Busted: Bankers and The Global Economy

August 16, 2010

The Disingenuous Timothy Geithner

On a very regular basis, Treasury Secretary Tim Geithner engages in magical thinking with deliberate attempts to delude American workers into believing that business investment and consumer demand are on the uptick. Geithner’s pretense isn’t only disingenuous and disrespectful, but dangerous. How? He continually suggests  that American consumers should feel comfortable borrowing and spending in the vain hope of spurring any hope of economic bright light.
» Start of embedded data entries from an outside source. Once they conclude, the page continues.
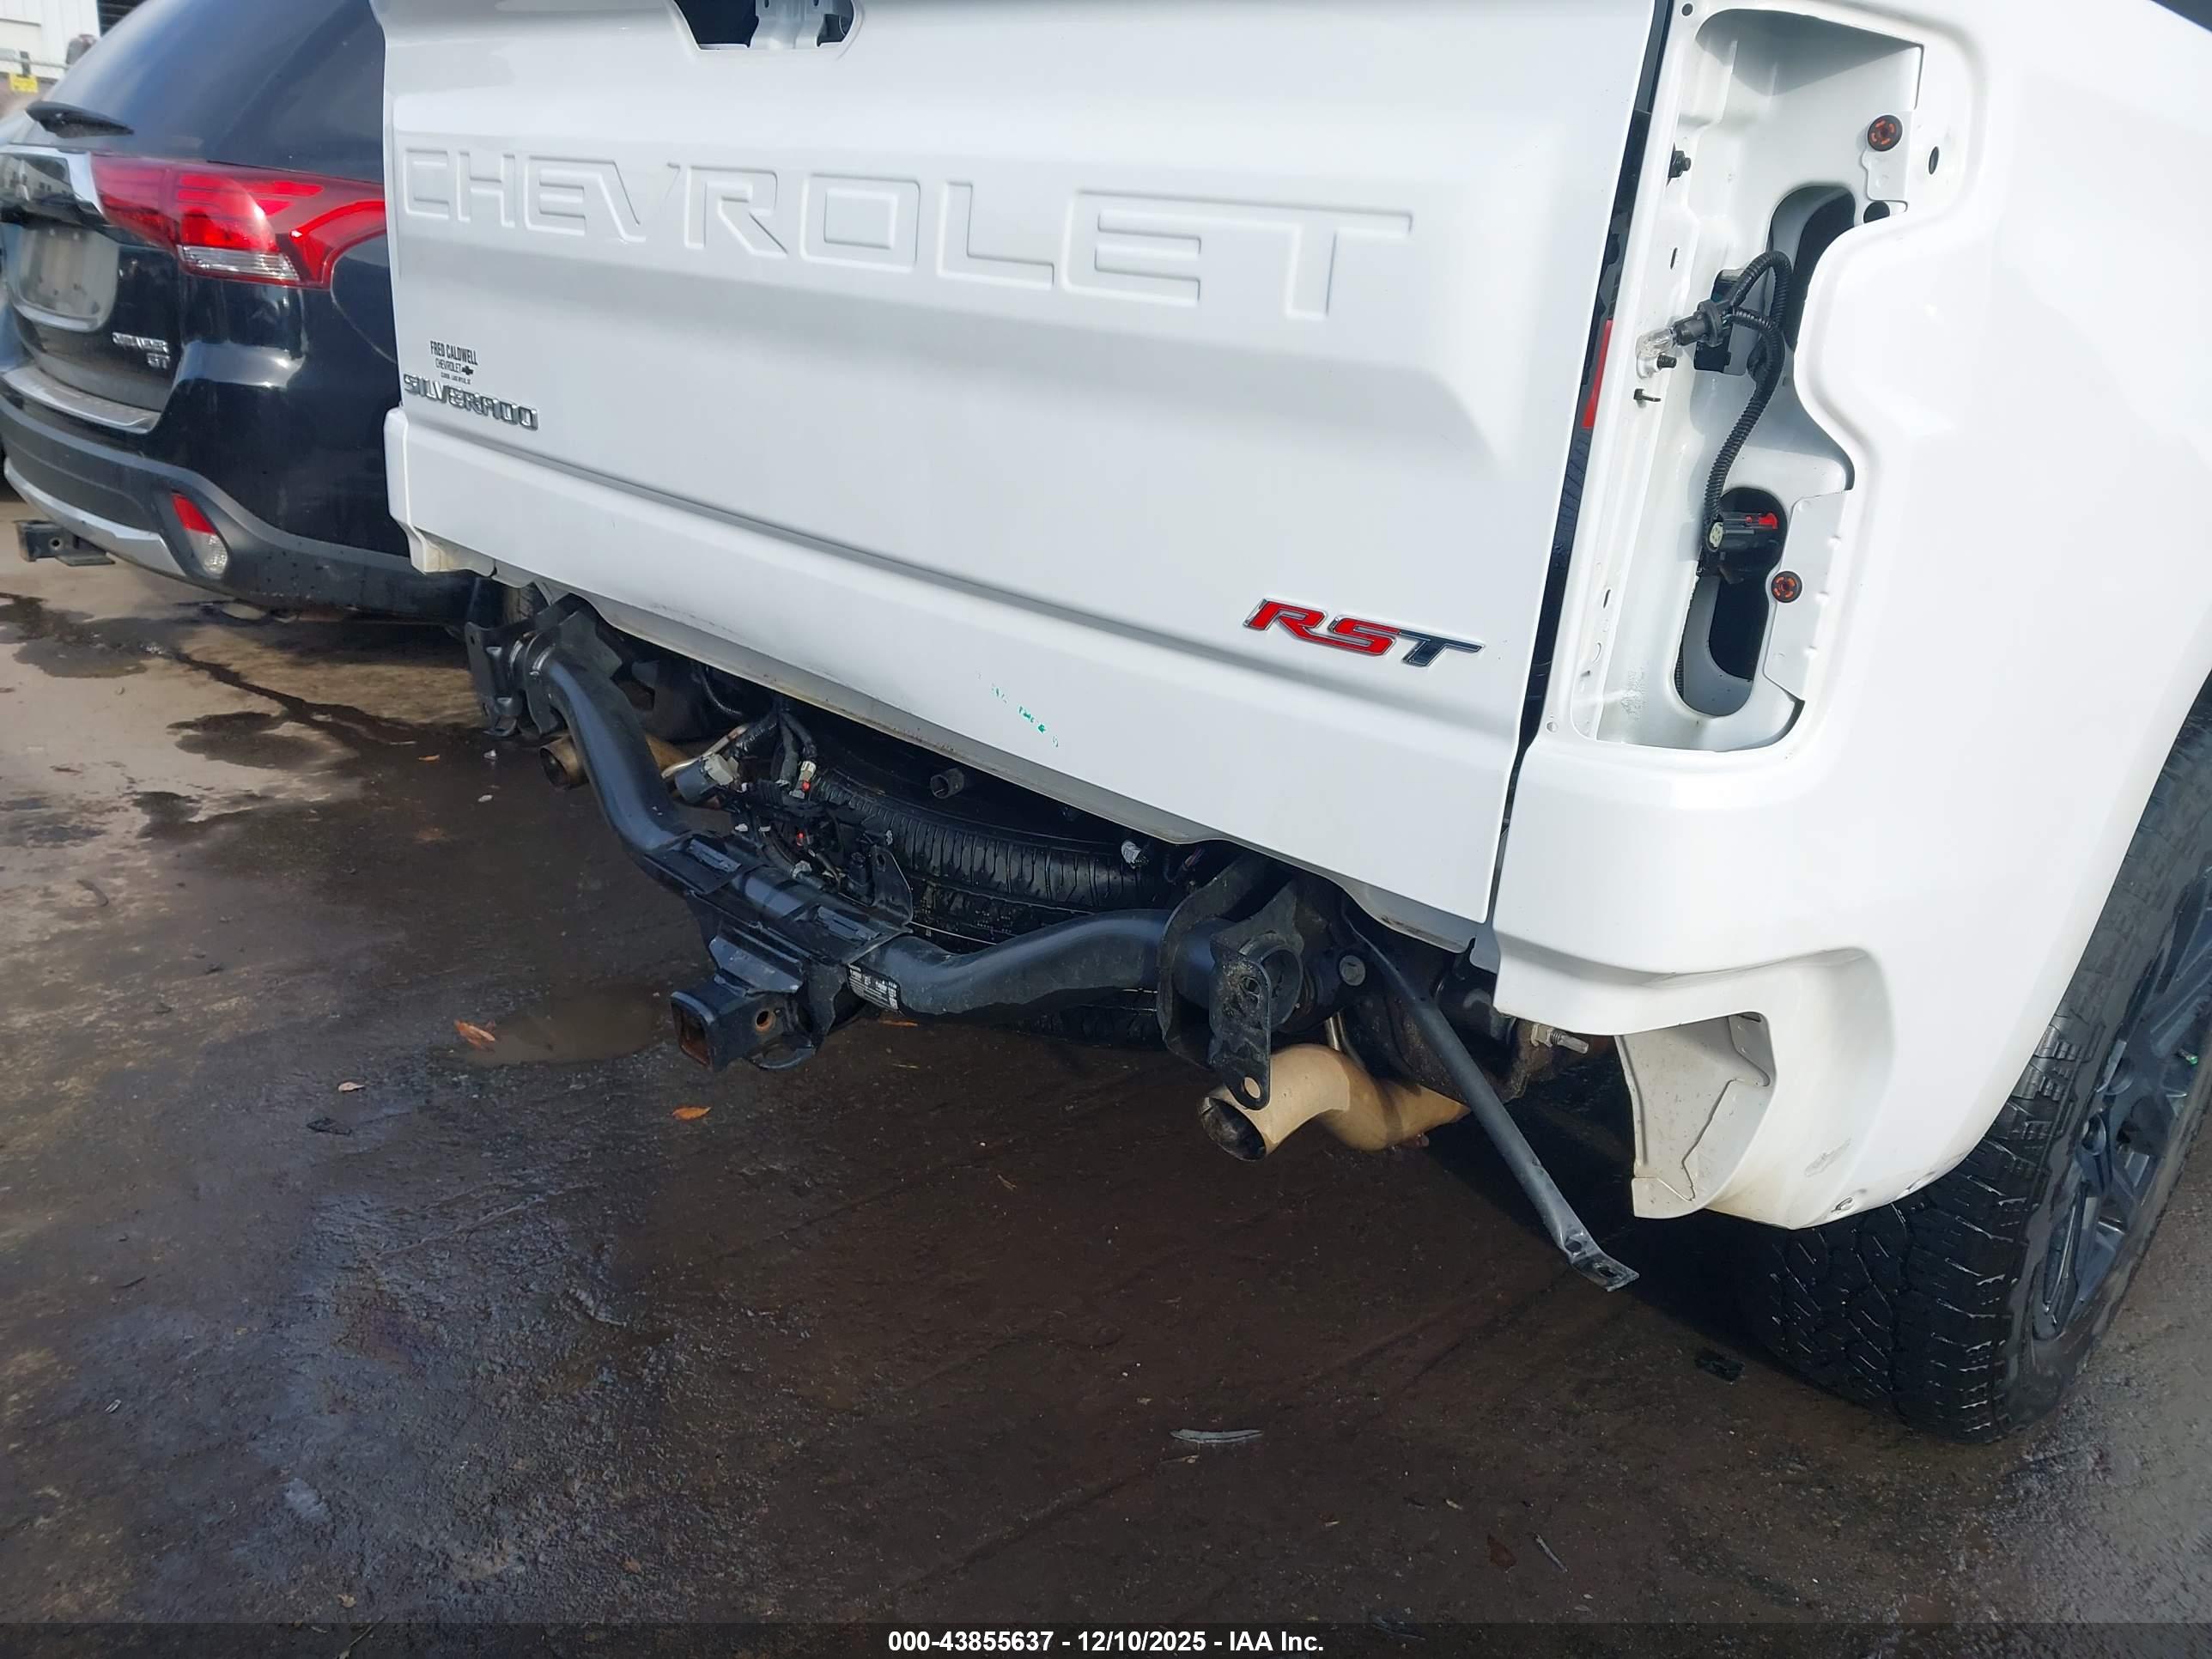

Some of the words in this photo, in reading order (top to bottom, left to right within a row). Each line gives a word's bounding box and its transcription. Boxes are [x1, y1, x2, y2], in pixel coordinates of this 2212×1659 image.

[401, 145, 1413, 321] CHEVROLET
[430, 340, 446, 357] FRED
[446, 343, 478, 366] CALDWELL
[435, 357, 461, 374] CHEVROLET
[404, 373, 538, 432] SILVERADO
[1243, 598, 1486, 668] RST
Mr. Geithner needs to stop with the tim-foolery as these truths hang over our nation like a plague:

  • The real unemployment rate is 18.3%, instead of the 9.5% rate the administration uses.
  • The number of real unemployed workers in all four categories of unemployment is no less than 29.3 million, instead of the administration’s one-category-only figure of 14.6 million.
  • In real terms the all-important “jobs gap” is 21.3 million new jobs.
  • Since the start of the Obama administration, the number of real unemployed workers has increased by 4.6 million. The U.S. economy needs to add 150,000 new jobs each month simply to keep up with “population growth.”
  • For unemployment benefits, the average number of weeks unemployed is at least 34 and the number of workers unemployed a half year or longer is at least 10.1 million.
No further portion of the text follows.